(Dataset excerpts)

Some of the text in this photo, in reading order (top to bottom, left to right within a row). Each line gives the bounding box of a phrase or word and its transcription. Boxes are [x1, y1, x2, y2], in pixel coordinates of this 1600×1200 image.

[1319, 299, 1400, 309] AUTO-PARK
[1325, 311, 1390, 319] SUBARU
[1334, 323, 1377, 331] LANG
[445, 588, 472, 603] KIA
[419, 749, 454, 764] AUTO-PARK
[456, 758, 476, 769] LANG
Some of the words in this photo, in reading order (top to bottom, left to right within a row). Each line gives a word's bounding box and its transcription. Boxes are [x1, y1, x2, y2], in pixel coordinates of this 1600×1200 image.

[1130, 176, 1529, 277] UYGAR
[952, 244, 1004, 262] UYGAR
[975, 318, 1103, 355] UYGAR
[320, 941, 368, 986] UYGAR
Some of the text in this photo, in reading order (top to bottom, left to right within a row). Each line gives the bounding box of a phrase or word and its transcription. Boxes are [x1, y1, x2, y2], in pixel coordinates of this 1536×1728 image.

- **TRY IT**: Each record above has to be set down again, exactly and completely.

- **SOLUTION TO THE EXERCISE**:
Some of the text in this photo, in reading order (top to bottom, left to right within a row). Each line gives the bounding box of a phrase or word and its transcription. Boxes are [x1, y1, x2, y2], in pixel coordinates of this 1600×1200 image.

[1319, 299, 1400, 309] AUTO-PARK
[1325, 311, 1390, 319] SUBARU
[1334, 323, 1377, 331] LANG
[445, 588, 472, 603] KIA
[419, 749, 454, 764] AUTO-PARK
[456, 758, 476, 769] LANG
Some of the words in this photo, in reading order (top to bottom, left to right within a row). Each line gives a word's bounding box and its transcription. Boxes are [x1, y1, x2, y2], in pixel coordinates of this 1600×1200 image.

[1130, 176, 1529, 277] UYGAR
[952, 244, 1004, 262] UYGAR
[975, 318, 1103, 355] UYGAR
[320, 941, 368, 986] UYGAR
Some of the text in this photo, in reading order (top to bottom, left to right within a row). Each line gives the bounding box of a phrase or word and its transcription. Boxes are [x1, y1, x2, y2], in pixel coordinates of this 1536×1728 image.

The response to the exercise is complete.